Recent media about my work as Poet Laureate can be found here:

Oregonian feature         

          Oregonian interview

          Oregonian podcast story

Artslandia poetry reading

          Fishtrap video reading and conversation

One thing I carried with me: I was inspired by something a student at Linn-Benton Community College told me: “I don’t write poems to become a better poet. I write poems to become a better person.”

All in all, I’ve had a great run with a creative practice I love for a state I revere. Throughout, I was guided by something my predecessor, Elizabeth Woody, said at her last reading as Oregon’s eighth Poet Laureate: “The more I do this, the less it’s about what the poem is, and more about who the poem serves.”

In all my wanderings and encounters, I sought to live by that: How can a poem serve a person, a community, and place, a cause, an resonant idea, a resource for the future.
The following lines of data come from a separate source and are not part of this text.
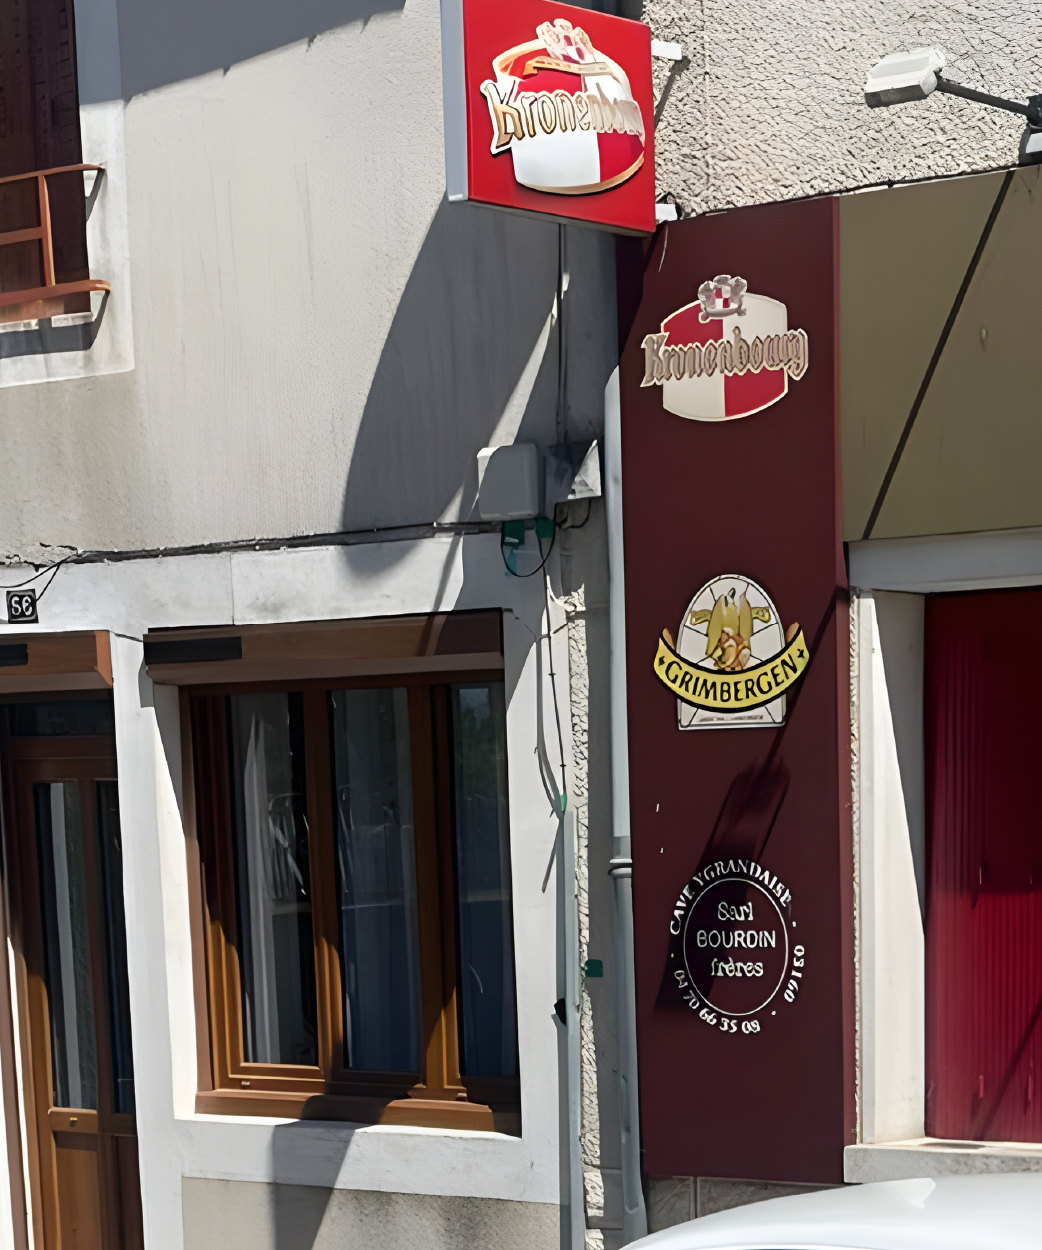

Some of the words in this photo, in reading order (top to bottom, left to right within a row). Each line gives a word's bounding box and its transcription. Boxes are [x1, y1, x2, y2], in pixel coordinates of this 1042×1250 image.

[664, 653, 798, 703] GRIMBERGEN
[670, 884, 696, 935] CAVE
[696, 929, 776, 949] BOURDIN
[683, 990, 700, 1010] 70
[699, 1007, 718, 1026] 66
[719, 1017, 738, 1033] 35
In keeping with this theme, I found myself writing poems not about subject, but for communities: “Two Rivers” (a poem for inmates at Two Rivers CI), “Klamath Marsh” (a poem for the Klamath Falls community), “In a Landscape” (a poem for Hunter Noack’s Inalandscape piano tour), “Bold Birth of a New Oregon” (a poem for the Oregon House of Representatives), “Forage” (a poem for the nonprofit p:ear), “In the Children” (a poem for 17 immigrants becoming U.S. Citizens), and many others.

Because of this approach to poetry, I found my own writing practice evolving from what might be called “art writing”—the world of literary publishing—toward “community writing”: finding ways to write in devotion to people and places in order to seed the future with strength, understanding, and hope.
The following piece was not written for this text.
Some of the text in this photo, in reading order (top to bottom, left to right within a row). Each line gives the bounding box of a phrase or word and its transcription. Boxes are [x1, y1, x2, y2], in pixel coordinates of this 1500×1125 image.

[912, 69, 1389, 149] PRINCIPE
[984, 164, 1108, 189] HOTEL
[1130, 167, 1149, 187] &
My final act as Oregon’s ninth Poet Laureate has been to send a poem to my successor, welcoming his voice to the work and the calling. We have had several conversations about the soul of the work and the logistics of the process. Anis will bring amazing resonance to audiences and communities of all kinds, and I’m eager to see his work carry poetry to places I could not reach:

    Passing the Torch
   
—to Anis Mojgani

How can I pass fire to you?
Your tongue is a flame already
kindling love for forgotten kin,

the crumpled griefs and old affections
bottled in hearts that must be

given wings to burst forth singing
so we won’t starve for lack of

hidden spells and psalms and charms
ringing bells in the minds of all.
 

Is it any wonder you are chosen
to travel with your bag of stories,
your percussive smoke wisping

into our ears so our eyes see the world
renewed? Is it any wonder you

will speak for mothers missing
imprisoned children, speak

for lost children in the halls
of power, speak for the power

of the word in schools out
under the trees, schools where

teachers gather disguised
as homeless refugees, to be

revealed as you begin to sing?

To you I pass the honor, the struggle,
the miles and nights and hours
of witness, testimony, rant

and blessing, manifesto deftly
told in words and rhythmic

silences. You I ask to hold back
nothing, keep nothing in reserve,

squander your incantations
in forgotten places where the people

have been waiting for your voice,
your tongue a flame kindling love.

                               

 

 

 

Kim Stafford writes, teaches, and travels to raise the human spirit through poetry.  He founded the Northwest Writing Institute in 1986, and has published a dozen books of poetry and prose, including The Muses Among Us: Eloquent Listening and Other Pleasures of the Writer’s Craft and 100 Tricks Every Boy Can Do: How My Brother Disappeared. His most recent book is the poetry collection Singer Come from Afar (Red Hen Press, 2021). He has taught writing in dozens of schools and community centers, and in Scotland, Italy, and Bhutan. In 2018 he was named Oregon’s 9th Poet Laureate by Governor Kate Brown for a two-year term.